CNET Editors' Rating

The Good Compact; includes analog 1/8-inch stereo headphone jack and optical digital-audio jack adapter; Dolby Digital 5.1 pass-through; simulates surround sound through headphones; impressive audio quality; doesn't require power cord.

The Bad Shared analog and digital output jack; lacks hardware volume control; short, 22-inch USB extension cable; limited Mac compatibility.

The Bottom Line Plugged into a USB port, the ultracompact Turtle Beach Audio Advantage Micro affordably adds a shared headphone jack/optical digital-audio output to your PC or laptop.

8.0 Overall

Turtle Beach Audio Advantage Micro

A tiny audio output device that connects to a PC's USB port, the Turtle Beach Audio Advantage Micro is primarily intended for laptops, but it can also be used with desktop PCs. Featuring surround-sound simulation capabilities, an equalizer, and digital signal processing (DSP) modes, the $29.99 Audio Advantage Micro affordably adds a software preamplifier and an improved headphone jack/minijack digital audio port to your PC. What's more, an included plug adapter converts the minijack port into a full-fledged Toslink optical digital-audio output, which lets you connect to a variety of digital audio receivers or other compatible devices.

Similar in appearance to a USB flash drive, the diminutive Audio Advantage Micro, which measures 2.5 by 0.75 by 0.5 inches (HWD), comes with a USB jack cover, a USB extension cable, a software CD-ROM and the aforementioned optical digital-audio plug adapter. We were a bit frustrated by the 22-inch USB extension cord; it's not quite long enough to facilitate easy connection with a desktop PC's rear-panel USB port, especially if your computer sits on the floor. The Audio Advantage Micro is also totally devoid of hardware-based controls; the absence of a volume knob, for instance, means you'll have to dive into the software to make adjustments. That can be a real pain when you're in the middle of playing a video game or watching a movie, but it's not a deal killer.

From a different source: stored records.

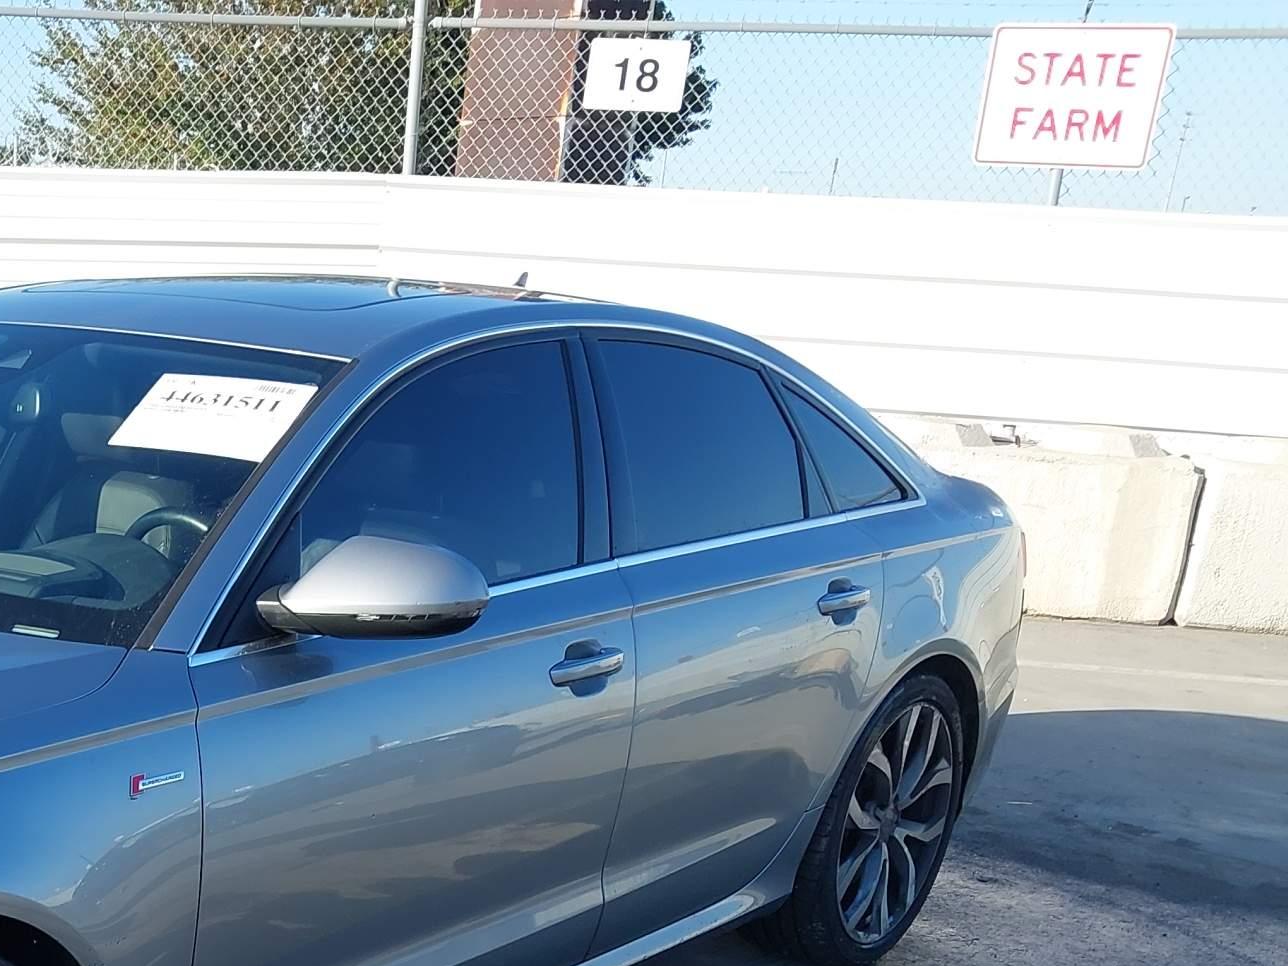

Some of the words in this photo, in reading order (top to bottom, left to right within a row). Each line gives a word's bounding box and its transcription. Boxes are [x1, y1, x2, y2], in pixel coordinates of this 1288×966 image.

[614, 57, 660, 92] 18
[1014, 52, 1142, 87] STATE
[1010, 107, 1123, 142] FARM
[161, 390, 281, 412] 44631511
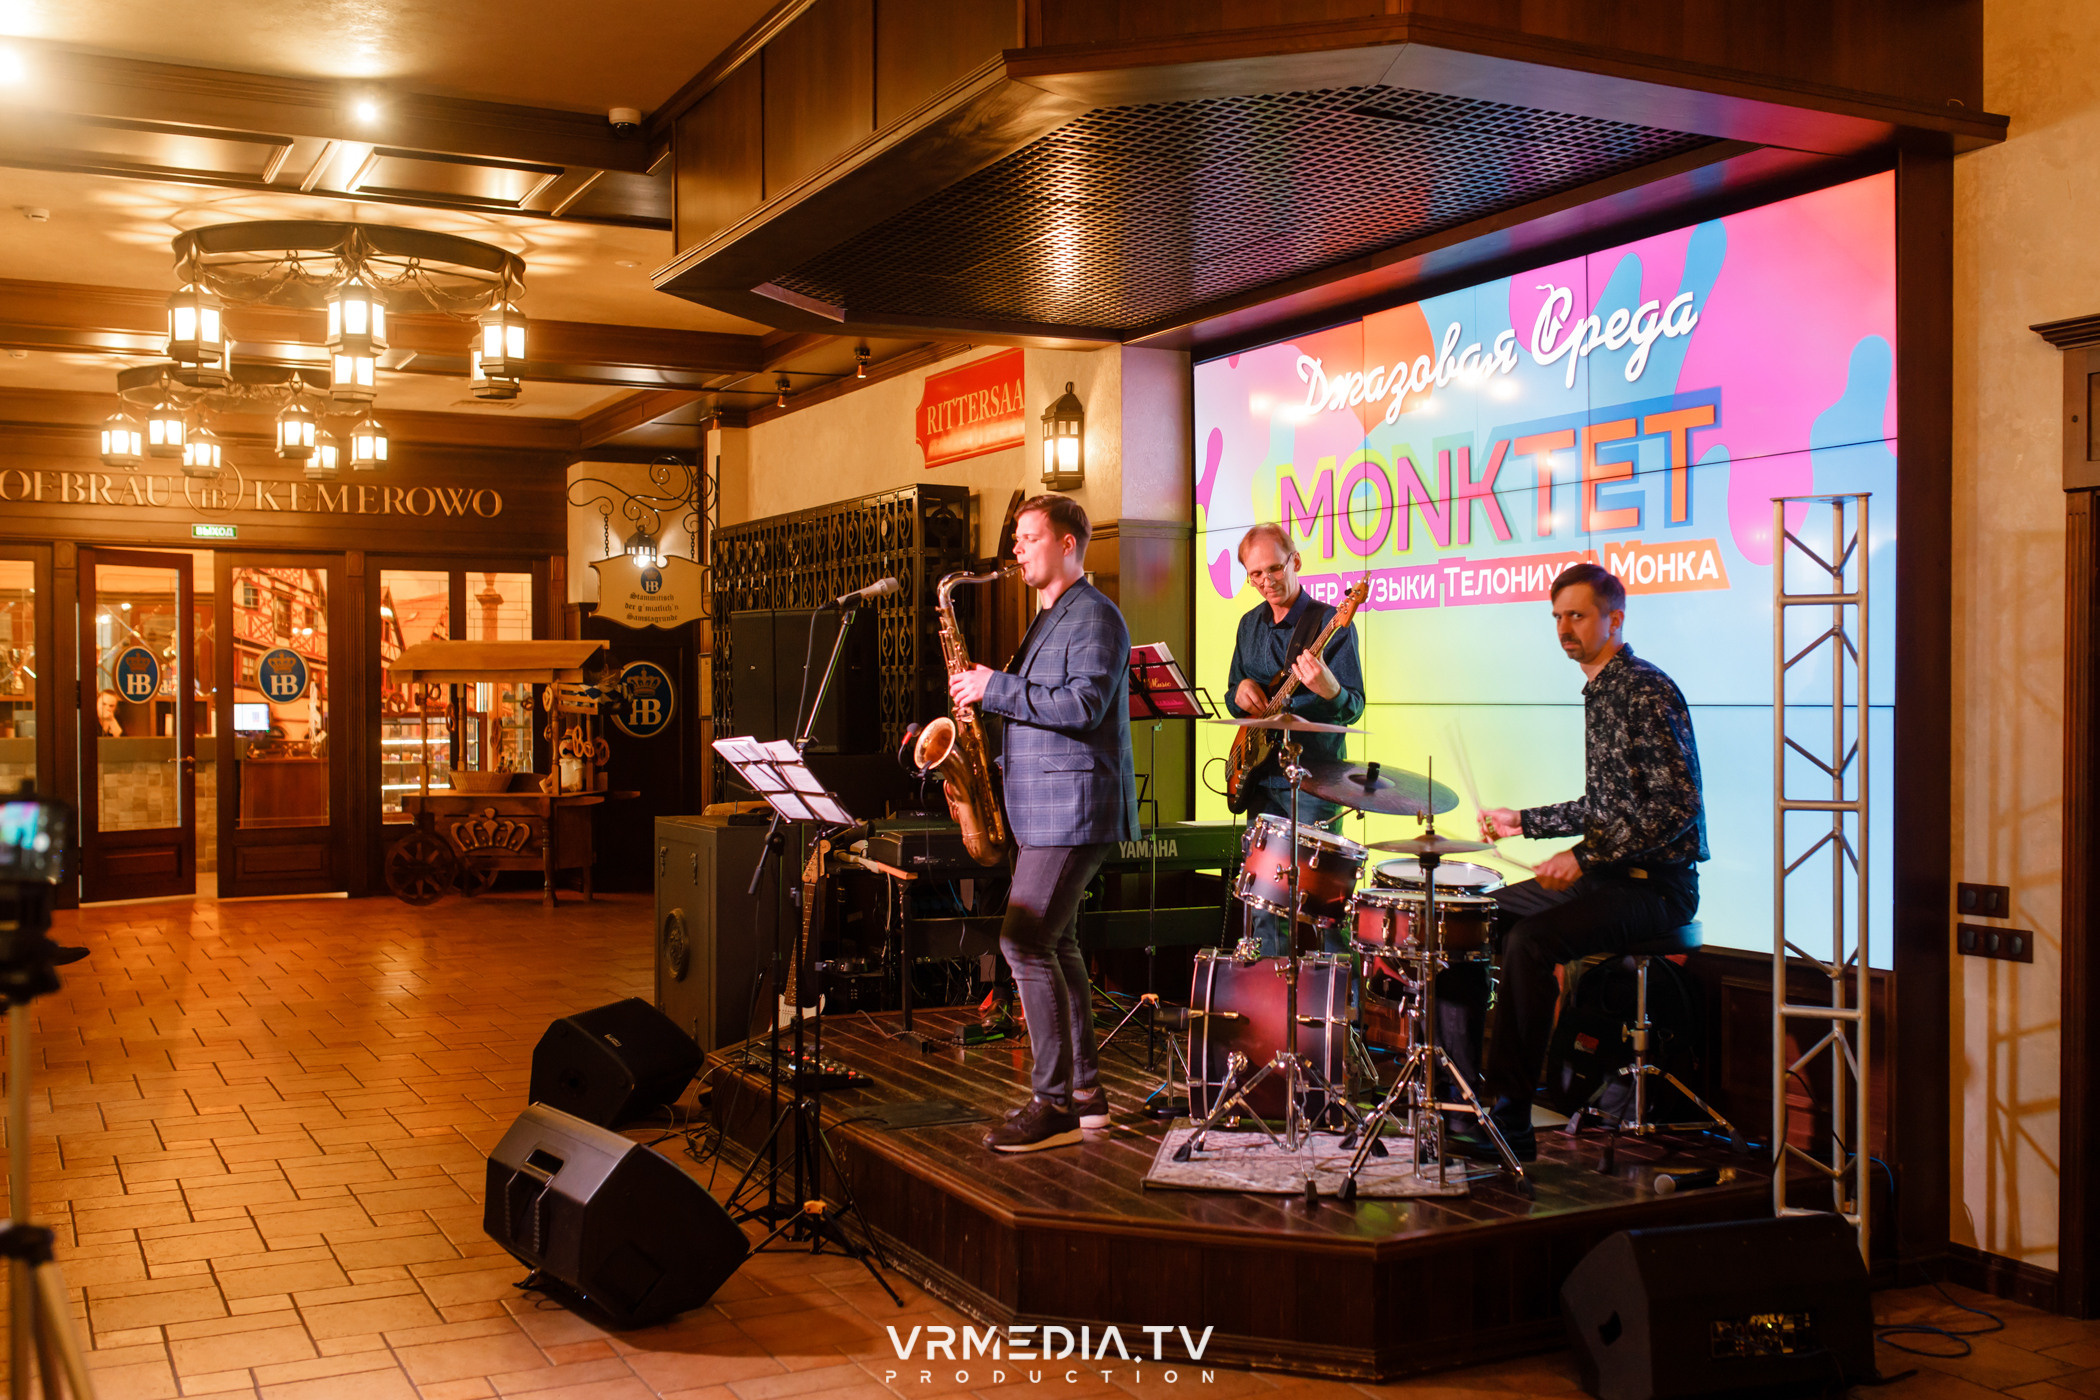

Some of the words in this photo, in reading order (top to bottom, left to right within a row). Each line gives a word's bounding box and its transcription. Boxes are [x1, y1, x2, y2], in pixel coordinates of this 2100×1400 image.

[1296, 321, 1518, 425] Джазовая
[1531, 283, 1699, 389] Среда
[927, 378, 1024, 435] RITTERSAA
[1279, 404, 1716, 560] MONKTET
[254, 480, 503, 518] KEMEROWO
[195, 526, 234, 537] ВЫХОД
[645, 580, 659, 592] HB
[1443, 559, 1594, 598] ТЕЛОНИУ
[1610, 549, 1719, 585] МОНКА
[126, 673, 152, 695] HB
[270, 673, 299, 696] HB
[628, 698, 662, 726] HB

Installing the Audio Advantage Micro was straightforward: we simply installed the software from the CD-ROM, then plugged in the device as prompted. The software serves as a preamplifier and configuration tool, including a 10-band equalizer with programmable presets; more than two dozen DSP environments, ranging from Shower to Psychotic; and a virtual-speaker shifter that lets you tweak the speaker positions of a virtual 5.1-channel system.

The Turtle Beach Audio Advantage Micro can transmit DTS and Dolby Digital 5.1-channel audio signals through its optical digital-audio output to a decoder, such as your A/V receiver, but your PC-based DVD player software must support 5.1-channel output. We used CyberLink PowerDVD ($49.95 or $62.95, depending on the version) without a problem.

With home DVD players so inexpensive these days, it's hard to imagine anyone buying the Audio Advantage Micro solely for the purpose of using a laptop to play DVDs through a 5.1-channel home-theater system. That said, when we connected the Audio Advantage Micro's optical digital-audio jack to our A/V receiver, the Audio Advantage Micro flawlessly passed both 5.1-channel Dolby Digital and DTS sound as well as stereo tracks from our laptop to the receiver. You could also use the Audio Advantage Micro to connect a PC to a self-powered, digital, 5.1-channel multimedia speaker set, such as Logitech's Z-5500 Digital , letting you watch DVD movies from your desk in full digital 5.1 glory.

The Audio Advantage Micro really shines when it's used with headphones. For starters, the unit adds extra gain to the signal, which is useful if your laptop's built-in headphone jack won't play loud enough to drive a favorite set of headphones. When we put on a pair of AKG's K 55 headphones and fired up Unreal Tournament 2004, the sound was surprisingly crisp and clear. Although we're not usually impressed by surround simulations, the Audio Advantage Micro's algorithms really did make the game sound considerably vaster and more enveloping without making the sound too diffuse. Its audio quality can't, however, compete with a full-fledged audio adapter such as the Creative Sound Blaster Audigy 2 ZS Notebook .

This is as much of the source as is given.